Activity
Beginning at the line that contains "this 1920×1080 image.", write out every line down to the end of the records, with both ends kept and nothing added.

Supplied records
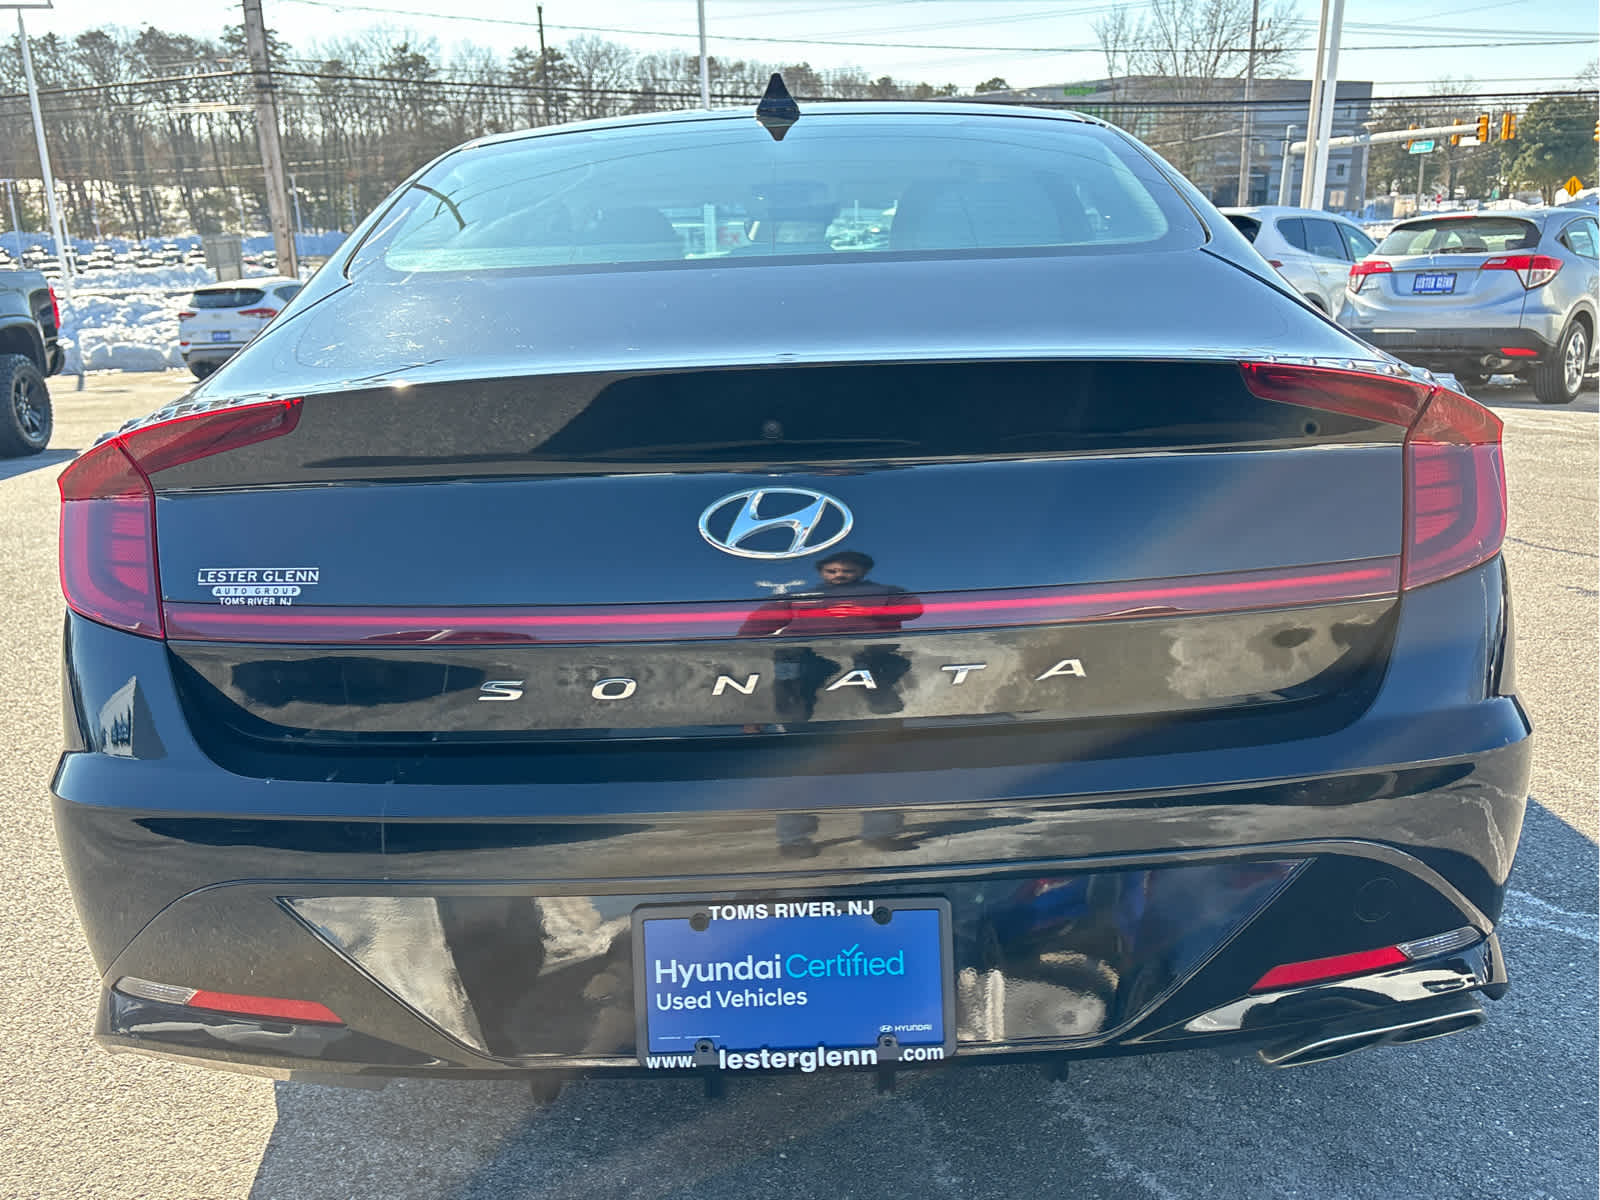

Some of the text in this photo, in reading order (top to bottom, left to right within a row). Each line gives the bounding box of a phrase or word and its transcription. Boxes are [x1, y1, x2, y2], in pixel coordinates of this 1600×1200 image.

[198, 570, 320, 582] LESTER GLENN
[215, 587, 298, 595] AUTO GROUP
[219, 597, 292, 606] TOMS RIVER NJ
[478, 658, 1088, 702] SONATA
[708, 900, 875, 922] TOMS RIVER, NJ
[655, 943, 905, 989] Hyundai Certified
[656, 987, 808, 1011] Used Vehicles
[894, 1024, 933, 1032] HYUNDAI
[646, 1046, 945, 1073] www. lesterglenn .com
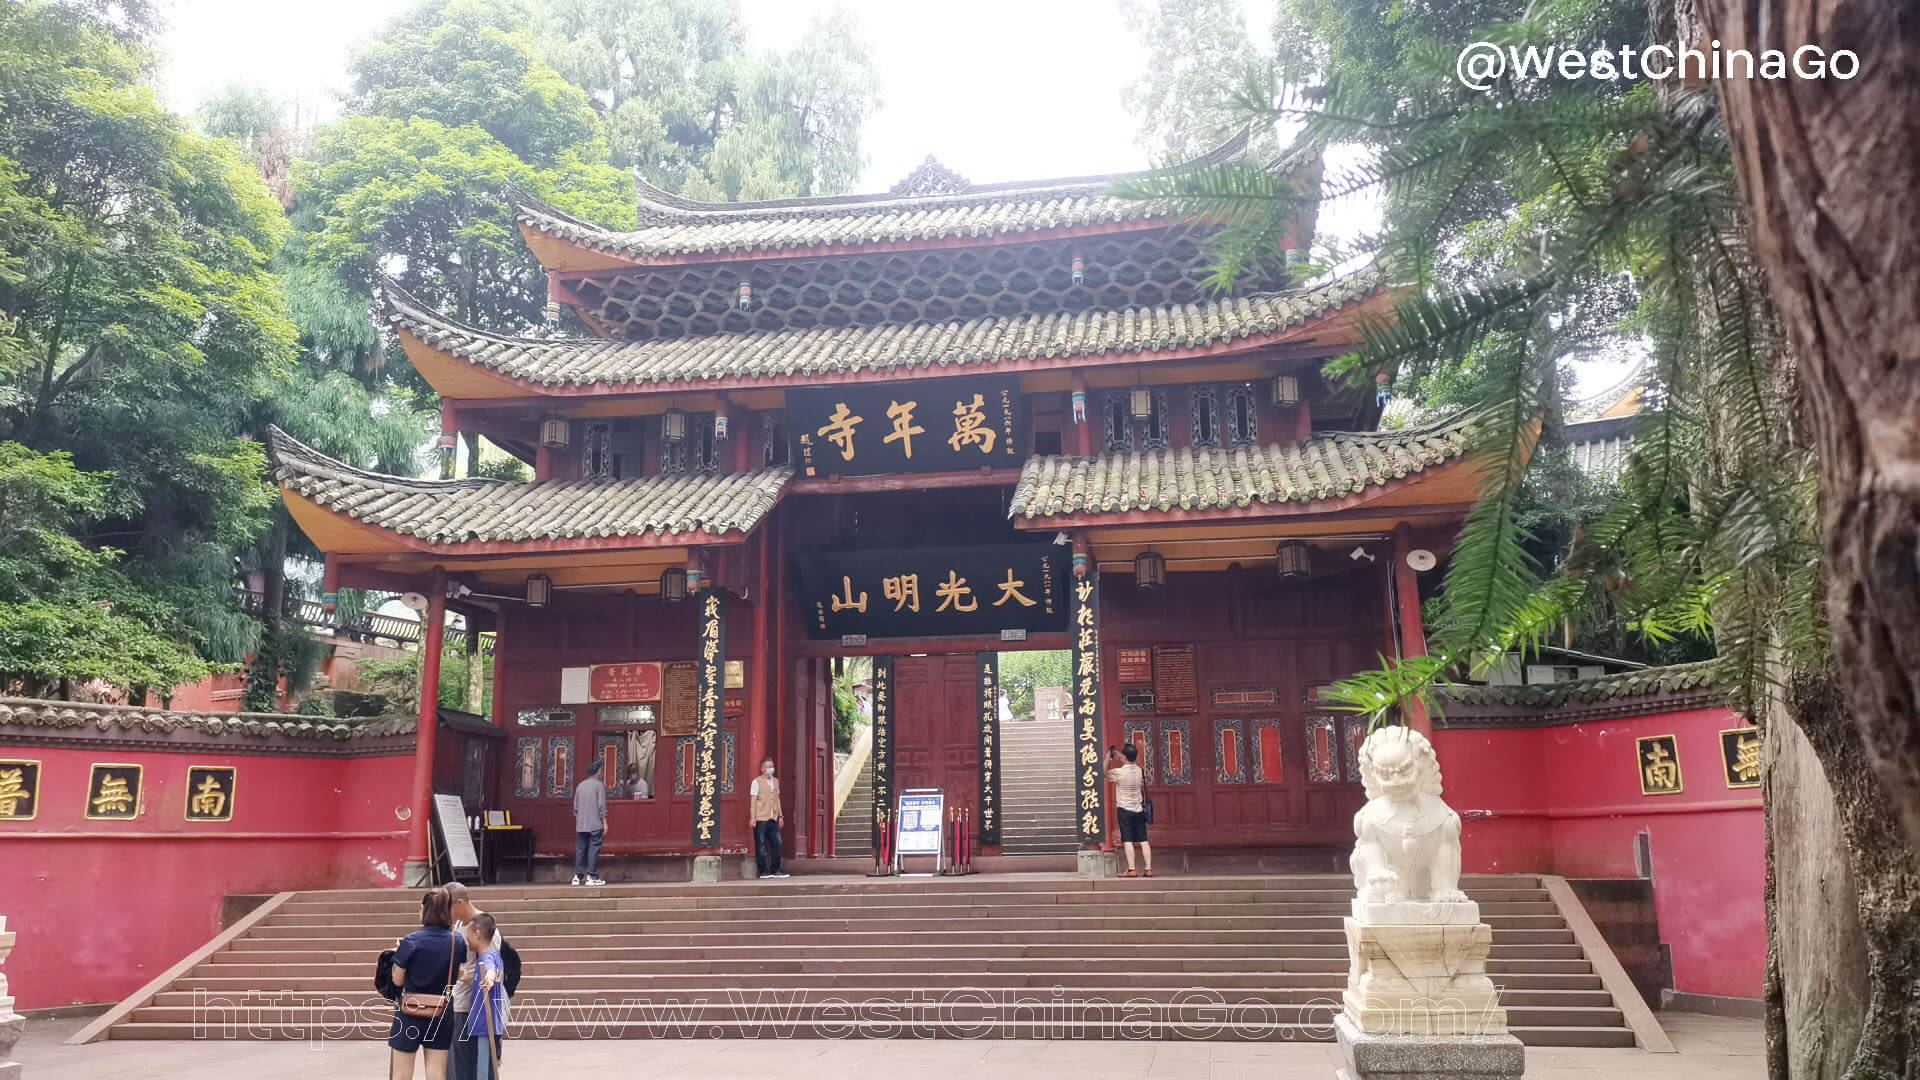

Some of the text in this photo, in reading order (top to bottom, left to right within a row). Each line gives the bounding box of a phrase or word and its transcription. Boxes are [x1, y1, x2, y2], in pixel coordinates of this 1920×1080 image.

[1645, 741, 1677, 789] 南
[92, 773, 134, 813] 無
[192, 774, 226, 816] 南

Exercise result
Some of the text in this photo, in reading order (top to bottom, left to right within a row). Each line gives the bounding box of a phrase or word and its transcription. Boxes are [x1, y1, x2, y2], in pixel coordinates of this 1920×1080 image.

[1645, 741, 1677, 789] 南
[92, 773, 134, 813] 無
[192, 774, 226, 816] 南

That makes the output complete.